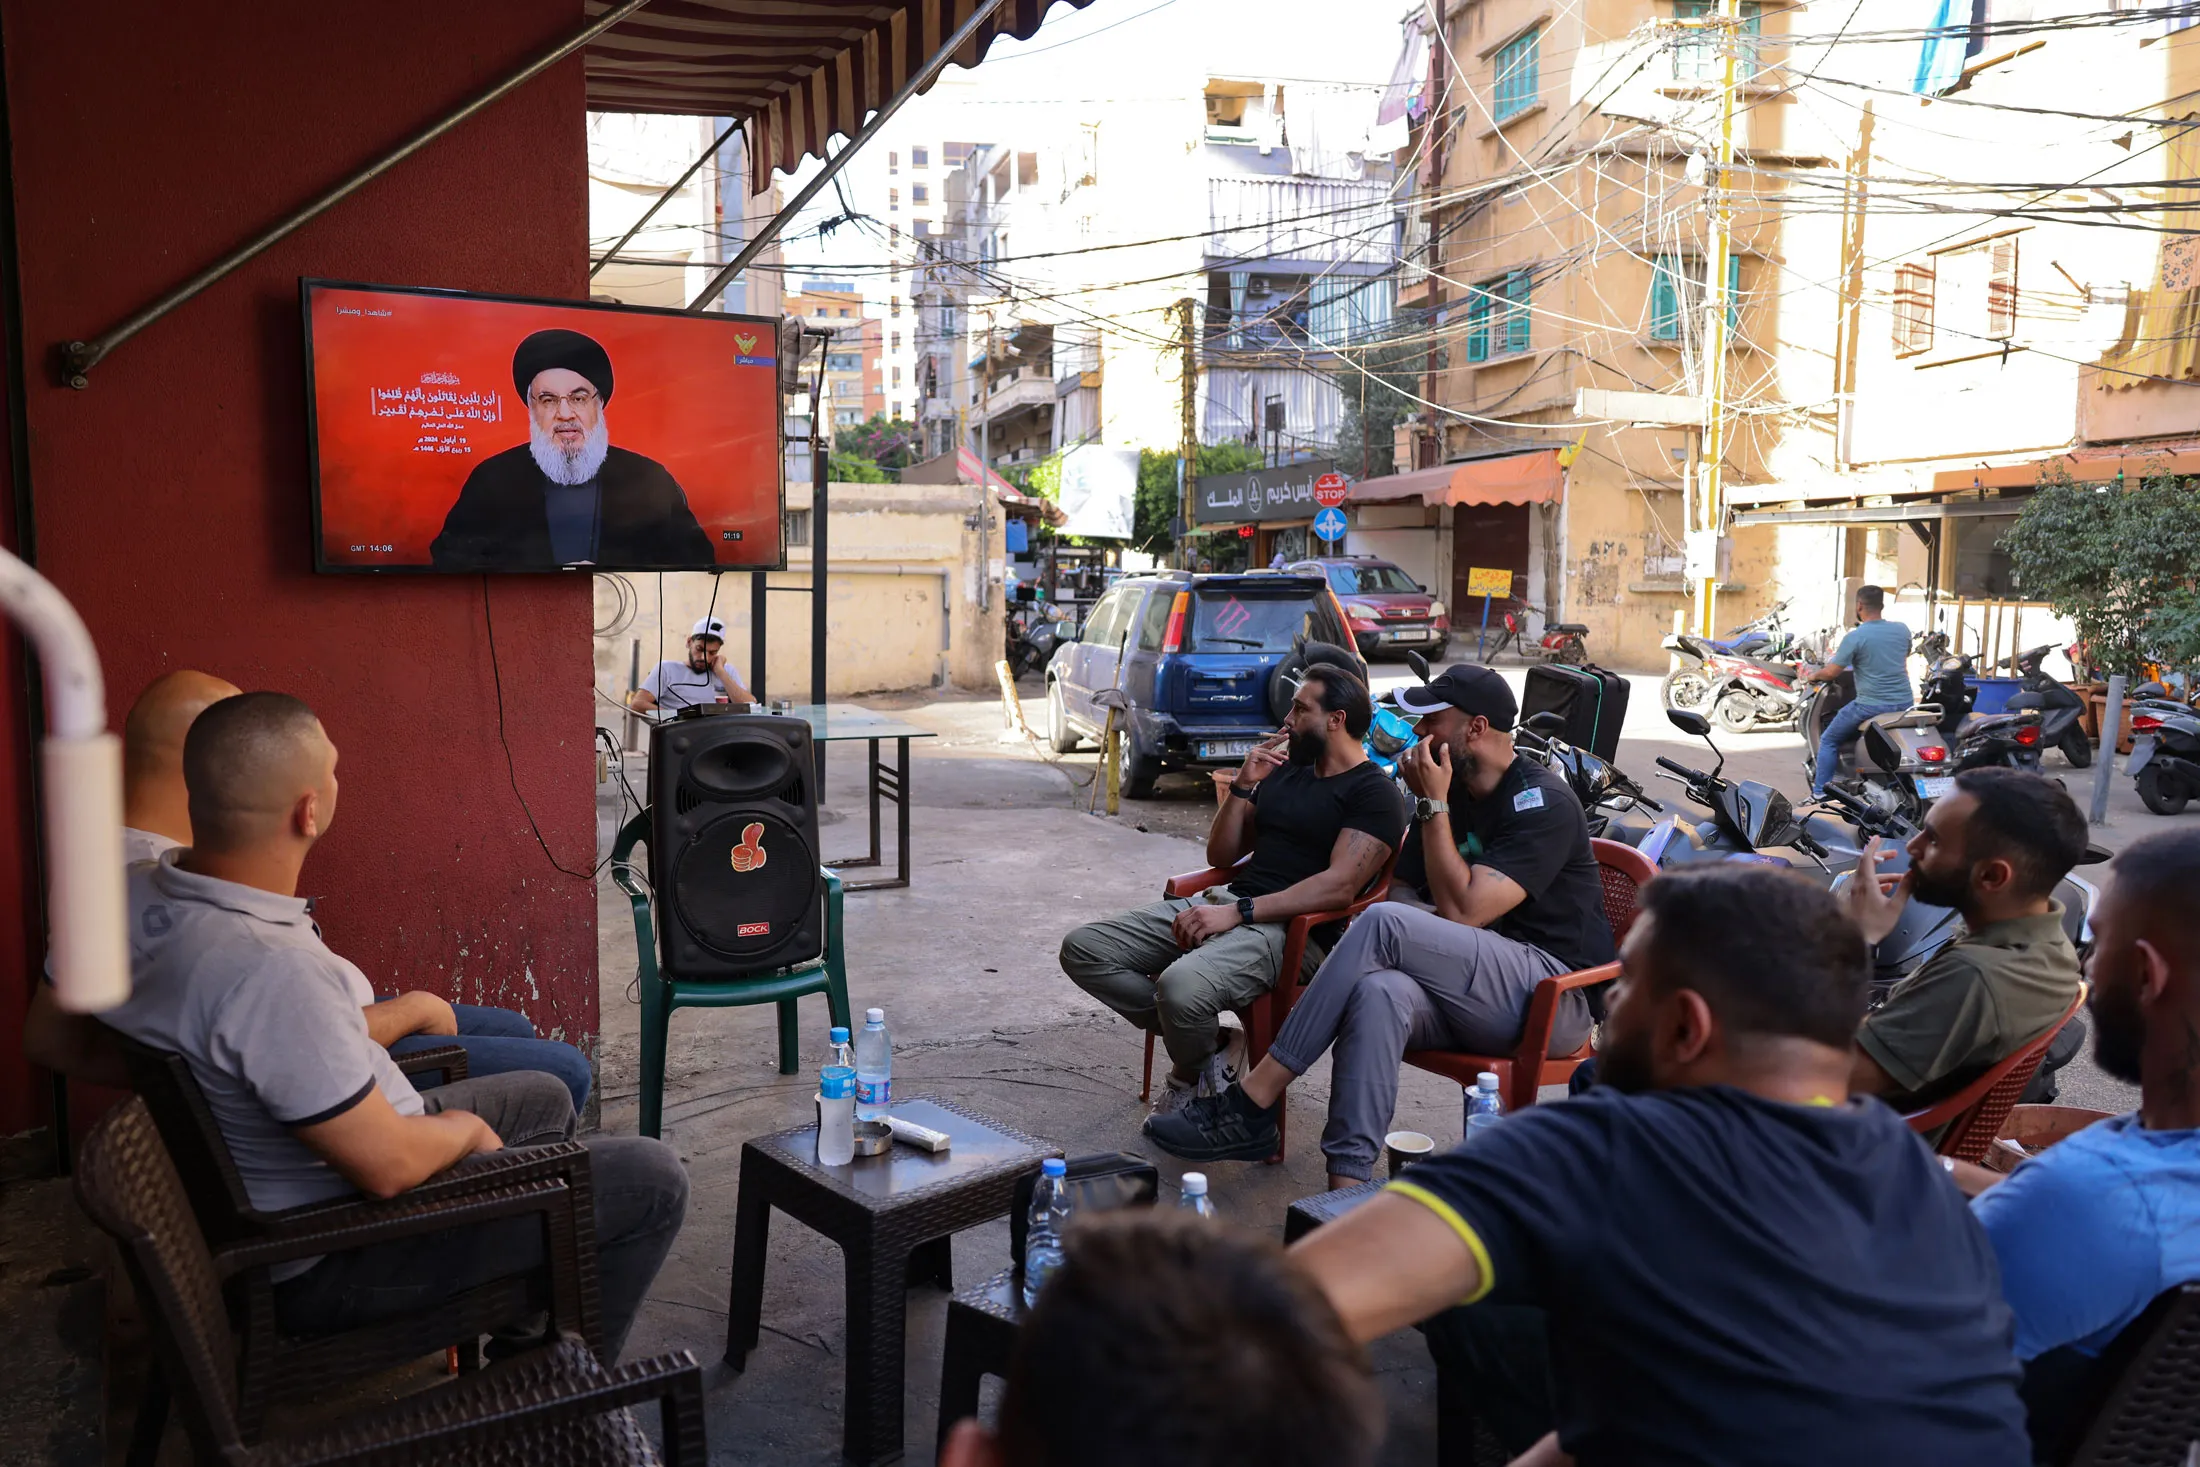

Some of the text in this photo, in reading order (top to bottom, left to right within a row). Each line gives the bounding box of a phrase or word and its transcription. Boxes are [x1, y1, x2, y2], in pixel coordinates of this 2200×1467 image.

[1318, 476, 1343, 488] قف
[1206, 486, 1244, 508] الملك
[1266, 481, 1291, 505] كريم
[1316, 489, 1345, 500] STOP
[350, 544, 393, 552] GMT 14:06
[1208, 741, 1216, 755] B
[739, 925, 768, 934] BOCK
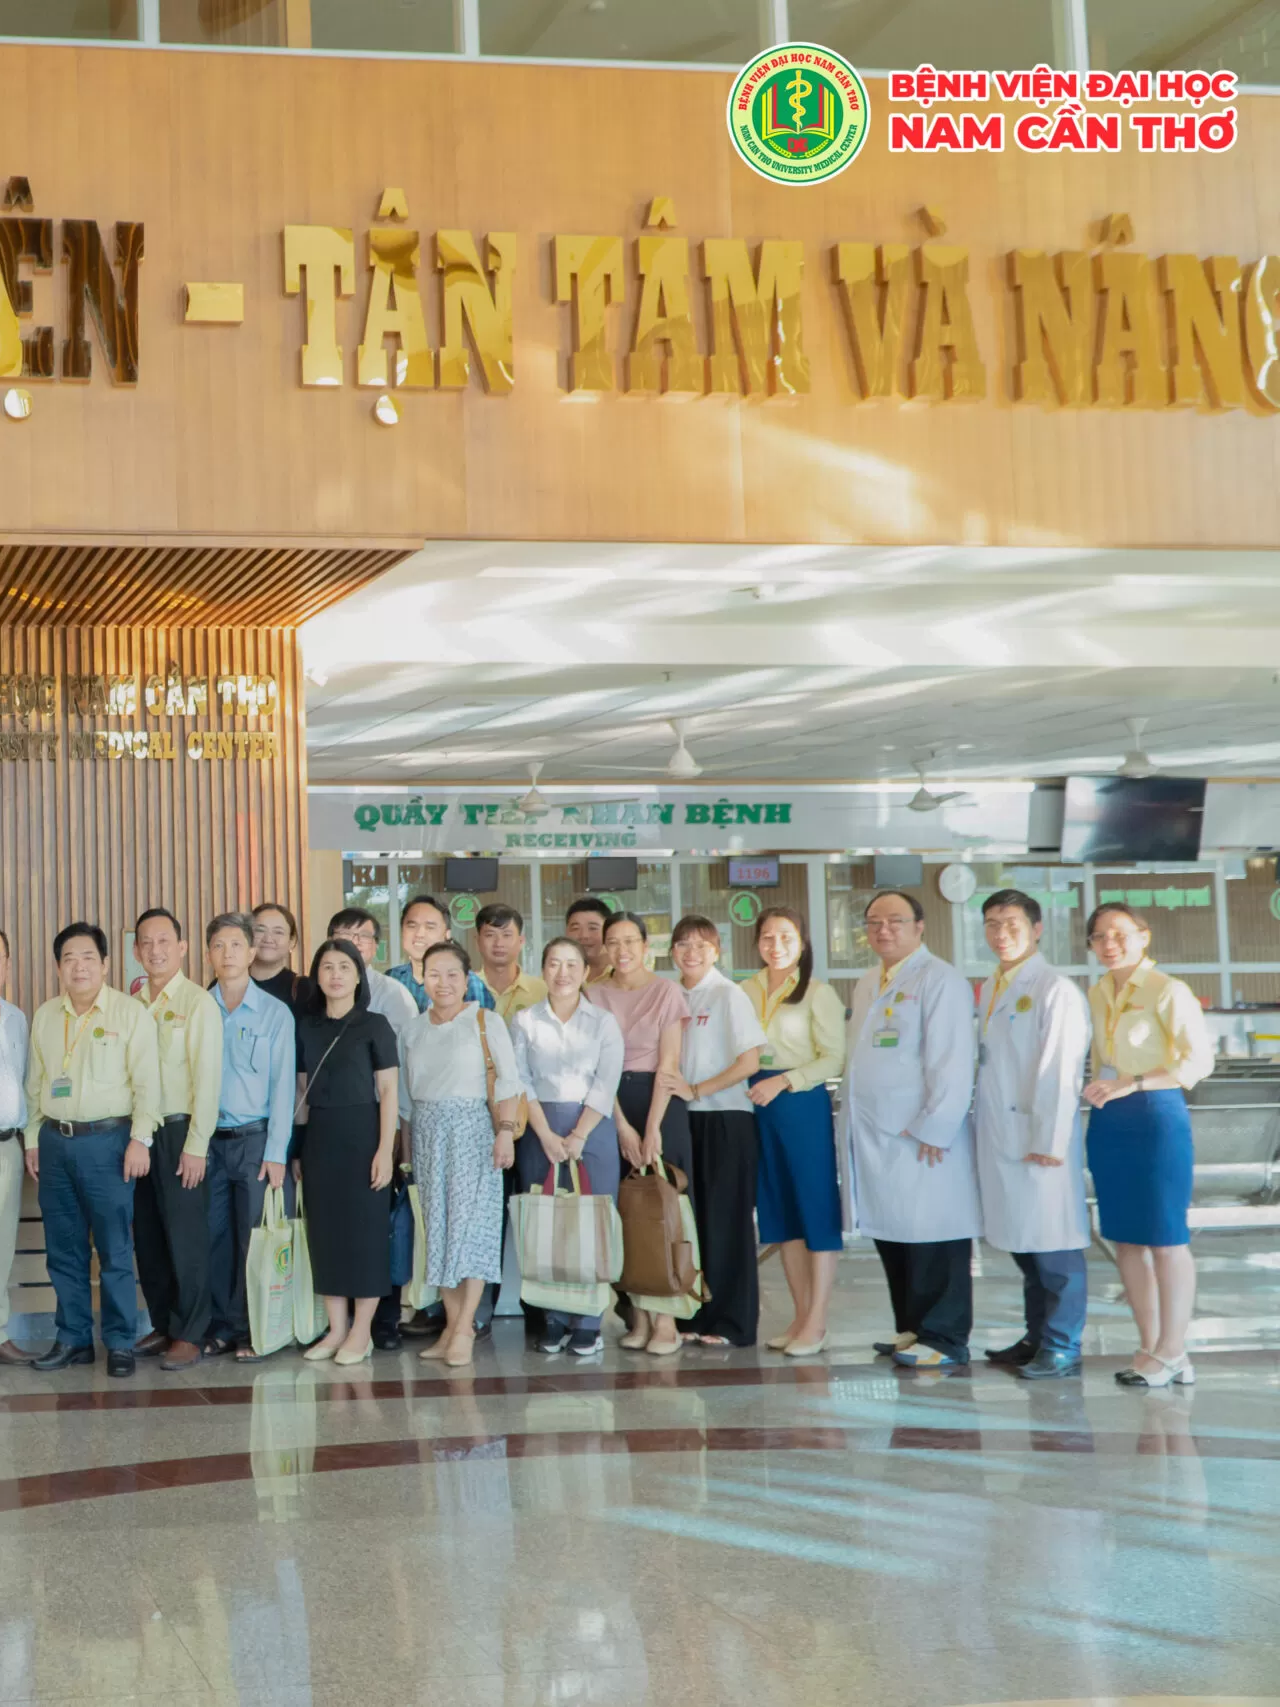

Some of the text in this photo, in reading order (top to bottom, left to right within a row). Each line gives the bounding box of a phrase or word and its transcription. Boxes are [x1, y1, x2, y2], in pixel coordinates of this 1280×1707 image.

[283, 186, 518, 427] TẬN
[553, 195, 812, 398] TÂM
[830, 205, 988, 402] VÀ
[70, 731, 177, 760] MEDICAL
[188, 731, 279, 760] CENTER
[354, 796, 449, 833] QUẦY
[685, 797, 792, 829] BỆNH
[505, 833, 638, 848] RECEIVING
[736, 867, 770, 880] 1196
[455, 898, 476, 921] 2
[734, 895, 753, 921] 4
::::::::::
WHAT YOU HAVE TO DO —
Only the lines from the one holding "this 1280×1707 image." to the end of the entries above belong in the answer, each copied exactly.

THE COMPLETED TASK —
Some of the text in this photo, in reading order (top to bottom, left to right within a row). Each line gives the bounding box of a phrase or word and its transcription. Boxes are [x1, y1, x2, y2], in pixel coordinates of this 1280×1707 image.

[283, 186, 518, 427] TẬN
[553, 195, 812, 398] TÂM
[830, 205, 988, 402] VÀ
[70, 731, 177, 760] MEDICAL
[188, 731, 279, 760] CENTER
[354, 796, 449, 833] QUẦY
[685, 797, 792, 829] BỆNH
[505, 833, 638, 848] RECEIVING
[736, 867, 770, 880] 1196
[455, 898, 476, 921] 2
[734, 895, 753, 921] 4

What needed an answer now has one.